To do
Once the line holding "this 1600×900 image." is found in the entries below, transcribe exactly every line up to and including the one holding "Some of the words", but leave out the pictures.

────────────────────────────────────────

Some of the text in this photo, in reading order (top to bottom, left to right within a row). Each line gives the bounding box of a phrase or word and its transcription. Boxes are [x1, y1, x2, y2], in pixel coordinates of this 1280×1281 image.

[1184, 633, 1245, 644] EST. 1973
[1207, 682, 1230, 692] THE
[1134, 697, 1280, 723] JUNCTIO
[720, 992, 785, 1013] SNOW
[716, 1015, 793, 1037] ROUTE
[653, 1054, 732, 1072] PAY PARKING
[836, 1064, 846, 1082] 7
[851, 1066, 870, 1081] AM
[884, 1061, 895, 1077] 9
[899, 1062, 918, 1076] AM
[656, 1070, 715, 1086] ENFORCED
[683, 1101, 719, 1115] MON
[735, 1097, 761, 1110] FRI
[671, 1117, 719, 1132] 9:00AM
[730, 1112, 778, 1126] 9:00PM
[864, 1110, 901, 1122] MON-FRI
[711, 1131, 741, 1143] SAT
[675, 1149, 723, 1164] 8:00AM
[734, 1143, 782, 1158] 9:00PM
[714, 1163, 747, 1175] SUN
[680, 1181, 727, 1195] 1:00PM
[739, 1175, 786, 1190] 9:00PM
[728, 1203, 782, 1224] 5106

────────────────────────────────────────

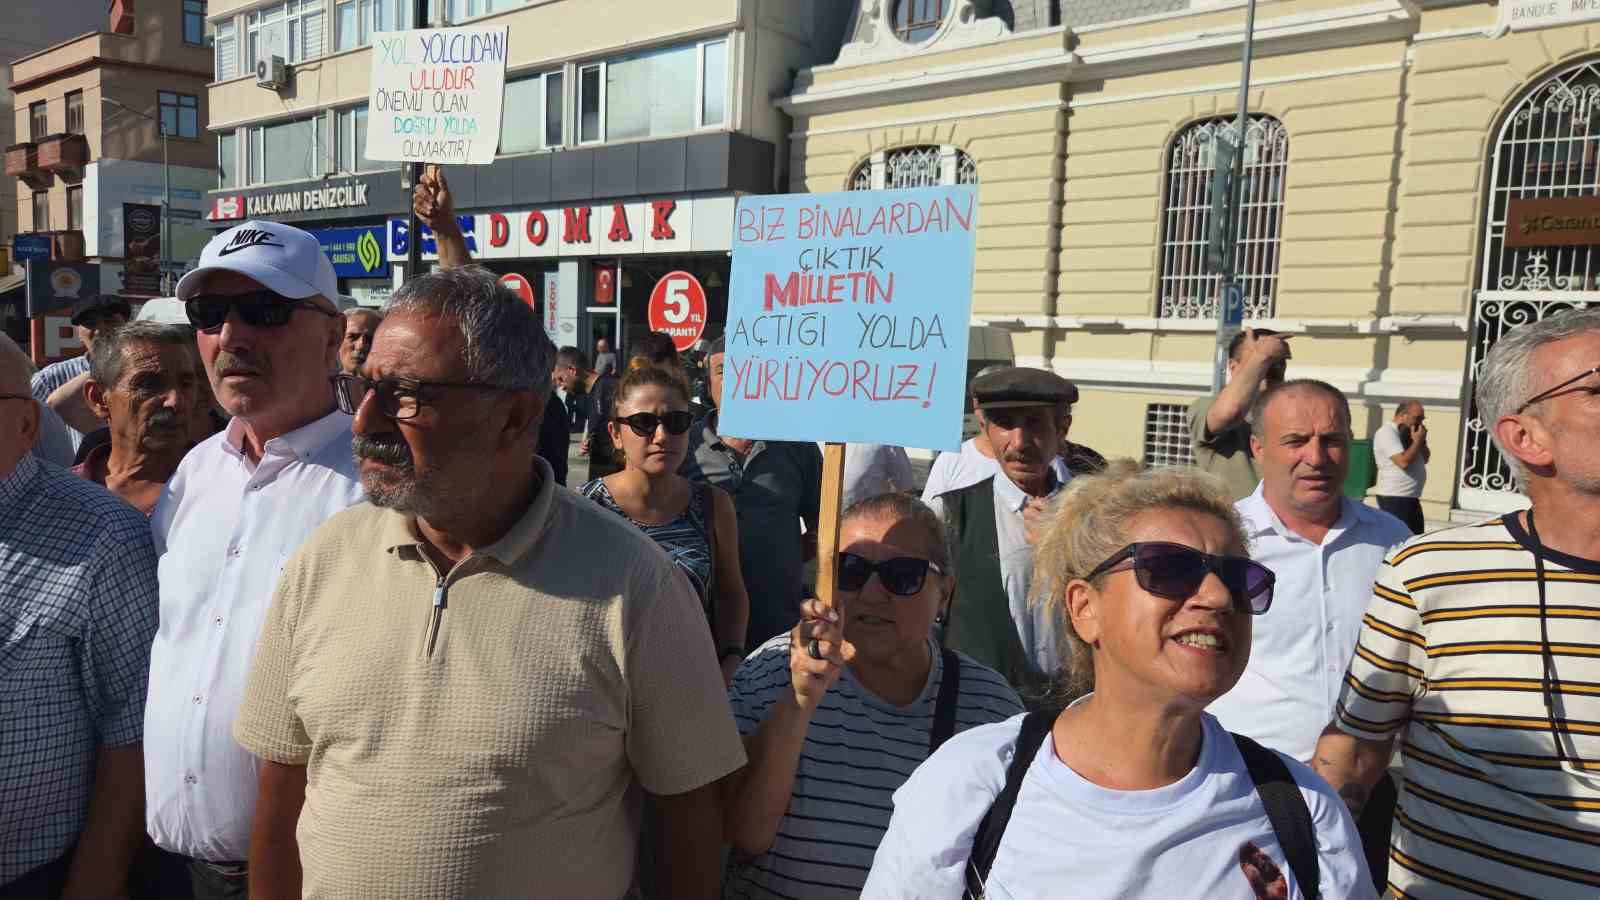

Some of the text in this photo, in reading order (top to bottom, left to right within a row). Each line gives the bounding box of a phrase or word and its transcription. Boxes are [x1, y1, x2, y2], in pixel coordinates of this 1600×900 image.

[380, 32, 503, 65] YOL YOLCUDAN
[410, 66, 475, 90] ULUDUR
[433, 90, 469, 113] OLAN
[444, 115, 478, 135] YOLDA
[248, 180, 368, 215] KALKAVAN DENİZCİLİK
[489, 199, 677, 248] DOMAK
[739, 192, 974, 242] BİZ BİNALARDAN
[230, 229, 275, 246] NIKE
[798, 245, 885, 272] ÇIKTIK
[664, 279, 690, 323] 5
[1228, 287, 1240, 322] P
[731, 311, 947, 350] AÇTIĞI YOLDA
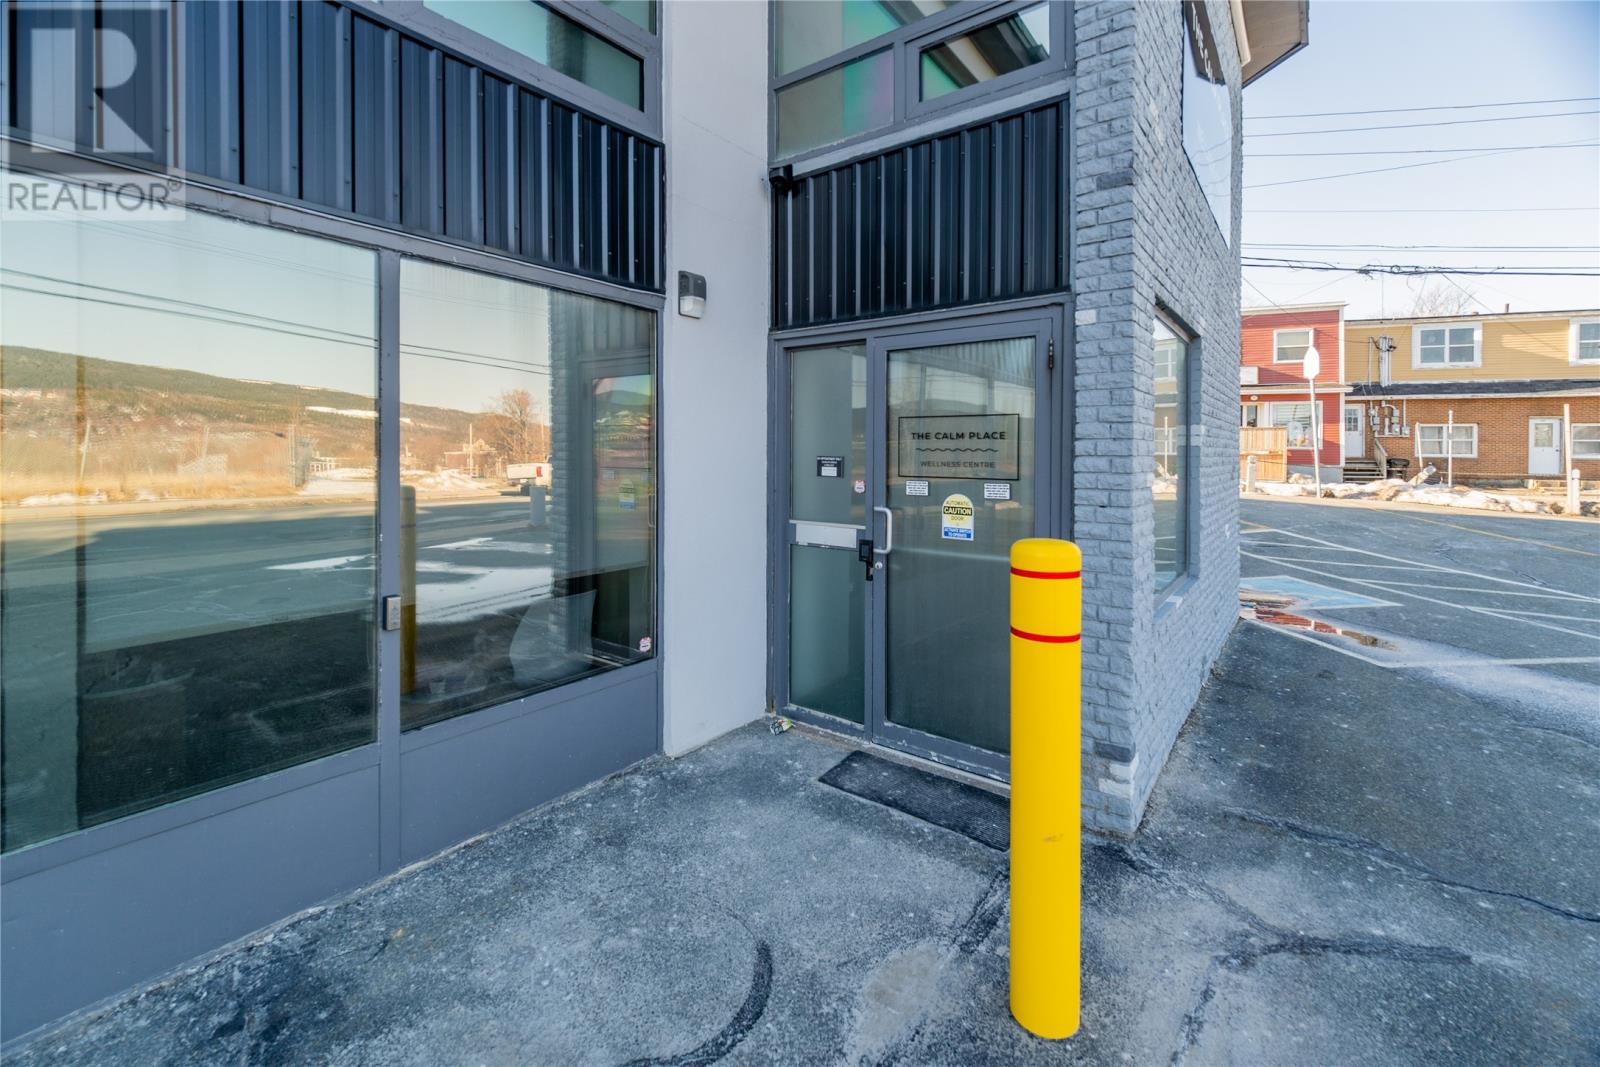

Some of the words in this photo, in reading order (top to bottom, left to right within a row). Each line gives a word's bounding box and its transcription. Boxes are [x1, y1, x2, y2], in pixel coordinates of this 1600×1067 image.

────────────────────────────────────────

Exercise response
Some of the text in this photo, in reading order (top to bottom, left to right within a row). Each line gives the bounding box of a phrase or word and its transcription. Boxes are [x1, y1, x2, y2], in pixel coordinates of this 1600×900 image.

[380, 32, 503, 65] YOL YOLCUDAN
[410, 66, 475, 90] ULUDUR
[433, 90, 469, 113] OLAN
[444, 115, 478, 135] YOLDA
[248, 180, 368, 215] KALKAVAN DENİZCİLİK
[489, 199, 677, 248] DOMAK
[739, 192, 974, 242] BİZ BİNALARDAN
[230, 229, 275, 246] NIKE
[798, 245, 885, 272] ÇIKTIK
[664, 279, 690, 323] 5
[1228, 287, 1240, 322] P
[731, 311, 947, 350] AÇTIĞI YOLDA

Some of the words in this photo, in reading order (top to bottom, left to right within a row). Each line gives a word's bounding box and its transcription. Boxes are [x1, y1, x2, y2], in pixel coordinates of this 1600×1067 image.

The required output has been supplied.